Rock in a Hard Place

Rock ‘n’ roll on the friends-and-family plan

ONE SATURDAY AT AROUND 7 P.M., Colin Hoss is at his bar, the Grog and Tankard. The joint is open for business, but the club is nearly empty as the 36-year-old Hoss steps into a tiny sound booth for a quick double-check of the equipment. In a couple of hours, a band you never heard of will be jumping and sweating and shouting on the wooden stage sticking halfway into the middle of the rectangular room. It wouldn’t do for the eardrum-shattering sound to cut out while the kids are standing around not dancing.

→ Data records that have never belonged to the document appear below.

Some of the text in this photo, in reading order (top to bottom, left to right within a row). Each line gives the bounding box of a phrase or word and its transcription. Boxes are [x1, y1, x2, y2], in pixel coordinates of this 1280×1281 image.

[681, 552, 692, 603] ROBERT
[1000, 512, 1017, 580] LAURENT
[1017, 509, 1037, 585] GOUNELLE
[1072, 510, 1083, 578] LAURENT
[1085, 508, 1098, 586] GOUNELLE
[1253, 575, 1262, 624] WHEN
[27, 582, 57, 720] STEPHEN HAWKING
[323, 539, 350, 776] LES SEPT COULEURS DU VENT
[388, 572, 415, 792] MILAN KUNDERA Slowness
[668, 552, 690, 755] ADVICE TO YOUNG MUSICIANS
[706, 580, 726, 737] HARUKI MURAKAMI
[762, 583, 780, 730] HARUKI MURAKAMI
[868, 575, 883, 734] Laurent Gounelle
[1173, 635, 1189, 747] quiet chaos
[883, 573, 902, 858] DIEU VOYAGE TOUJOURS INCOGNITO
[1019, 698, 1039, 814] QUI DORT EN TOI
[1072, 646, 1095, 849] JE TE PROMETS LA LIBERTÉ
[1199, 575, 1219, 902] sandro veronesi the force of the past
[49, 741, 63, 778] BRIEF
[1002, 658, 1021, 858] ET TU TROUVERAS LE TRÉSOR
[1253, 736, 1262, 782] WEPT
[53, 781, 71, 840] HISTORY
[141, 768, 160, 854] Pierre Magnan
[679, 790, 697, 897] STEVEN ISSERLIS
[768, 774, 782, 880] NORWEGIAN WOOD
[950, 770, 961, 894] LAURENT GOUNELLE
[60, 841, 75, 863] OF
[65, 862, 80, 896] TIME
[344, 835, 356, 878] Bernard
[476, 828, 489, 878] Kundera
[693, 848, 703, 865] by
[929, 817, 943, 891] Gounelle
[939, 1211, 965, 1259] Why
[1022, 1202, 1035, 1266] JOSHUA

Whoever walks in the Grog’s door later that night will not have read about the show in the Washington Post. Or the Washington City Paper. In the next day’s paper, there’ll be no reviews of the show, no mention of the deer head on the wall, the big cloth butterfly floating over the pool tables, the sweating rock fans crowded into a narrow, smoky room. Word of the performance will have leaked out only through the primitive channels that seem appropriate for the Grog’s throwback look: People will have heard about it from their friends, who will maybe have friends in the band, which will have sent out an e-mail. Maybe the audience will be mostly family.

They’re certainly not the usual “North Georgetown” yuppies who ply the strip of Wisconsin Avenue on which the Grog has squatted for 40 years–the folks who chew upscale pizza at Faccia Luna Trattoria or down margaritas at the Austin Grill next door. And they’re probably not regular patrons of the adjacent strip club, JP’s.

No, the scene at the Grog is its own little bluejeaned world in the middle of pressed-khaki Glover Park, a world that changes ever so slightly from one night to the next, depending on which band has coaxed enough of its mailing list to the show.

The club’s Web site makes much of the fact that there is no built-in audience. Every band must bring its own crowd. Phishy jamheads one Wednesday, aggressive rap-metalers on Thursday, bluesy roots-rockers the next Friday, power-poppers on Saturday.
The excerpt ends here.